解决jodconverter 2.2.1 版本不支持docx、xlsx、pptx 转换成PDF格式异常
解决办法：
方案一：
重写
BasicDocumentFormatRegistry (一定得在com.artofsolving.jodconverter包下）

package com.artofsolving.jodconverter;
 
import java.util.ArrayList;
import java.util.Iterator;
import java.util.List;
 
/**
 * 【重写 BasicDocumentFormatRegistry 文档格式】
 *
 * @author y
 * @date 2022-04-01
 */
public class BasicDocumentFormatRegistry implements DocumentFormatRegistry {
 
    private List/* <DocumentFormat> */ documentFormats = new ArrayList();
 
    public void addDocumentFormat(DocumentFormat documentFormat) {
        documentFormats.add(documentFormat);
    }
 
    protected List/* <DocumentFormat> */ getDocumentFormats() {
        return documentFormats;
    }
 
    /**
     * @param extension the file extension
     * @return the DocumentFormat for this extension, or null if the extension
     * is not mapped
     */
    @Override
    public DocumentFormat getFormatByFileExtension(String extension) {
        if (extension == null) {
            return null;
        }
 
        //将文件名后缀统一转化
        if (extension.indexOf("doc") >= 0) {
            extension = "doc";
        }
        if (extension.indexOf("ppt") >= 0) {
            extension = "ppt";
        }
        if (extension.indexOf("xls") >= 0) {
            extension = "xls";
        }
        String lowerExtension = extension.toLowerCase();
        for (Iterator it = documentFormats.iterator(); it.hasNext(); ) {
            DocumentFormat format = (DocumentFormat) it.next();
            if (format.getFileExtension().equals(lowerExtension)) {
                return format;
            }
        }
        return null;
    }
 
    @Override
    public DocumentFormat getFormatByMimeType(String mimeType) {
        for (Iterator it = documentFormats.iterator(); it.hasNext(); ) {
            DocumentFormat format = (DocumentFormat) it.next();
            if (format.getMimeType().equals(mimeType)) {
                return format;
            }
        }
        return null;
    }
}

方案二:

目前maven公网仓库中，没有jodconverter-2.2.2.jar,只有jodconverter-2.2.1.jar.而支持新版office和html转换格式的支持，需要2.2.2版本，这个需要自己去下载，并维护到maven私服上。步骤如下：
（1）下载

https://sourceforge.net/projects/jodconverter/?source=typ_redirect 去这个地址下载即可。

（2）上传maven私服

通过步骤1下载下来的是一个.zip的包，解压后在jodconverter-2.2.2\lib目录下可以看到，如下图：
在这里插入图片描述

我们可以看到jodconverter-2.2.2.jar包，把这个jar包上传maven私服即可。而这个包里面含有对新版office（.docx .xlsx .pptx）的支持，HTML的支持等。对于juh-3.0.1.jar、ridl-3.0.1.jar、unoil-3.0.1.jar这三个包在maven公网仓库中是可以查到的，所以直接在pom.xml中添加即可。

乱码问题
网上有很多攻略，大致讲的是向JDK的编码和linux系统中的编码添加可支持的字体即可。

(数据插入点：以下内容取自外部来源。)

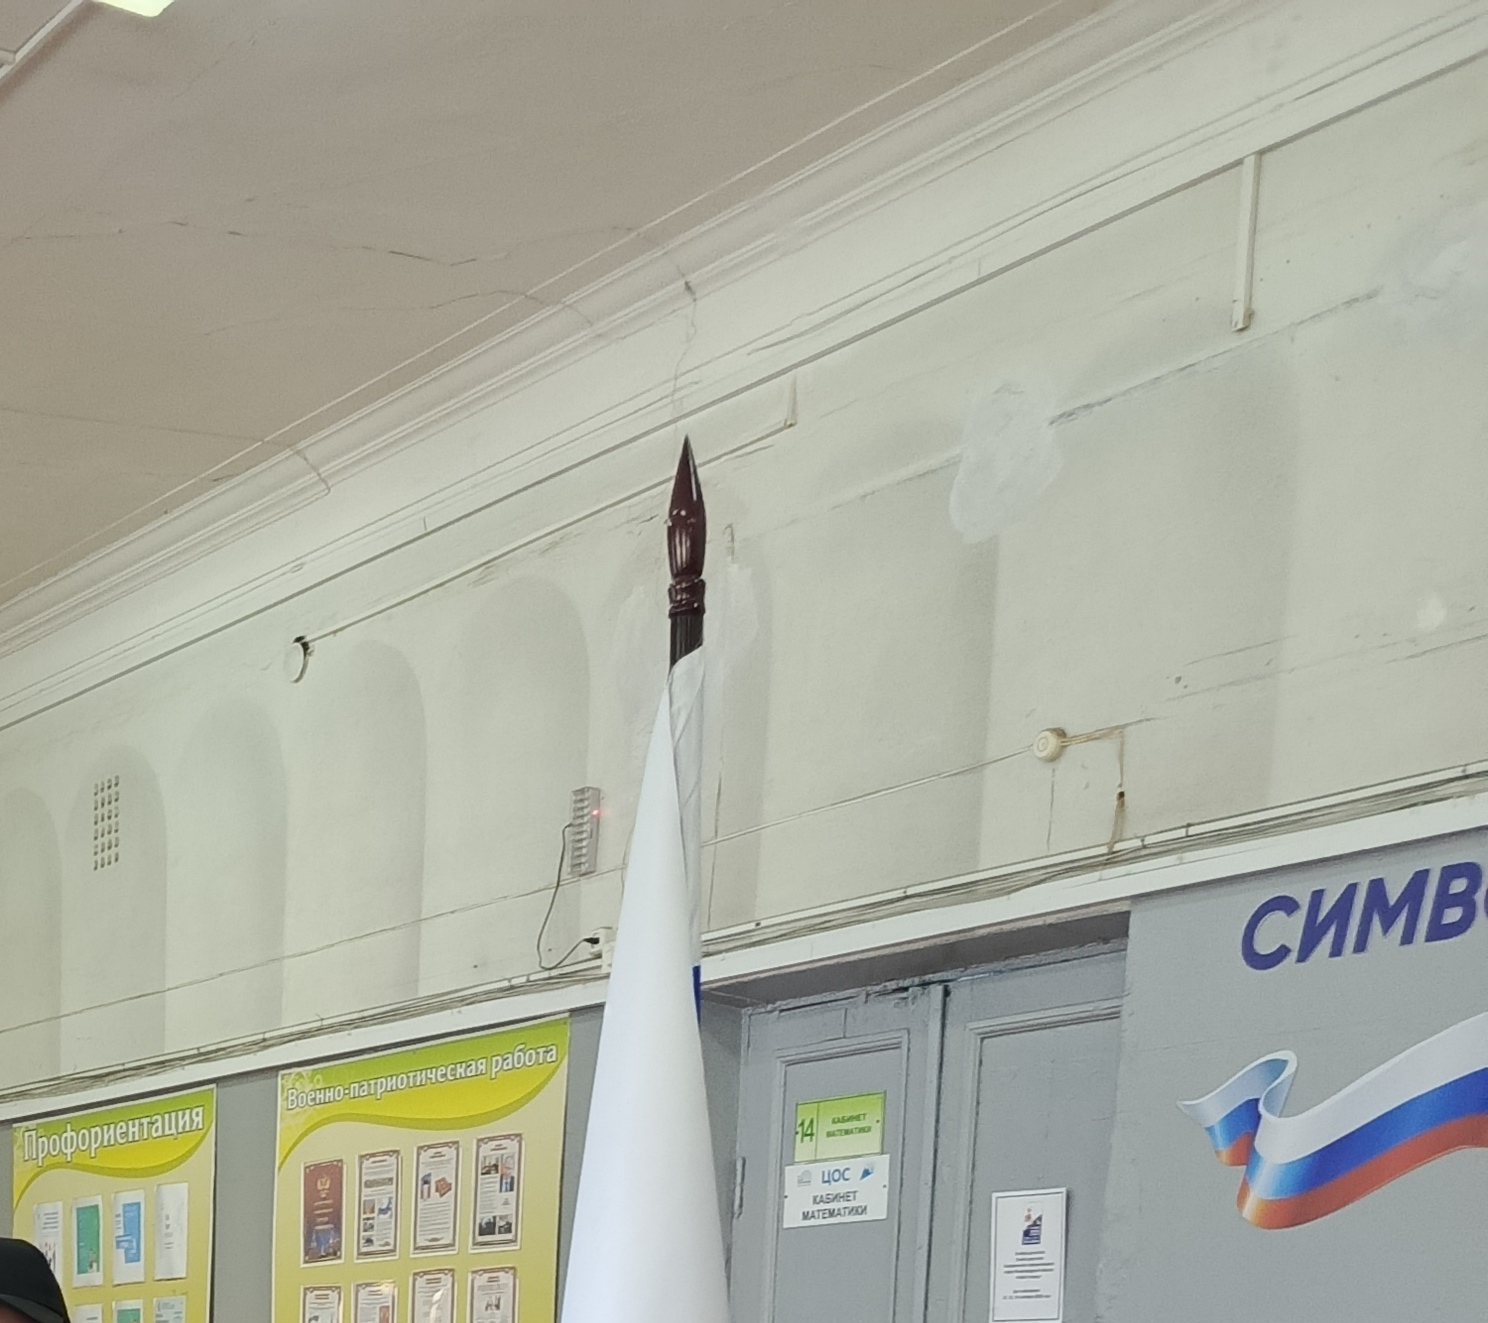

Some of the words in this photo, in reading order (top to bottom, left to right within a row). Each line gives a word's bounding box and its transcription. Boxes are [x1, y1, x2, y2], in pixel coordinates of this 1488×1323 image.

OpenOfficeDocumentConverter和StreamOpenOfficeDocumentConverter的区别

（1）最终生成文件权限问题

当Apache OpenOffice服务和java程序部署在同一台服务上时，可以使用OpenOfficeDocumentConverter，但是同时需要注意，使用该类转换的PDF文件用户权限为Apache OpenOffice的启动用户权限。例如，java服务使用较低的权限用户worker启动，而Apache OpenOffice使用root用户启动，那么生成的PDF文件也为root，那么java程序如果对后续生成的PDF文件进行读写等操作时，由于java服务为worker权限，会造成读取不到文件流的问题。而使用StreamOpenOfficeDocumentConverter，是由OpenOffice生成完PDF后，把PDF的流传给java服务，由java服务生成的PDF文件，所以不会产生用户权限的问题

（2）性能问题

OpenOfficeDocumentConverter直接由OpenOffice生成PDF文件，而StreamOpenOfficeDocumentConverter是由OpenOffice把PDF流回传给java服务，有java服务生成。所以OpenOfficeDocumentConverter在性能上更快。但是OpenOfficeDocumentConverter的问题是，不能实现java服务和OpenOffice的高可用性（因为两个服务部署在同一台物理机上）

（3）实现java服务与OpenOffice服务的高可用部署

java服务与OpenOffice服务在同一台物理机时，可以使用OpenOfficeDocumentConverter，因为他转换的更快。如果两个服务不在同一台物理机上，可以使用StreamOpenOfficeDocumentConverter类。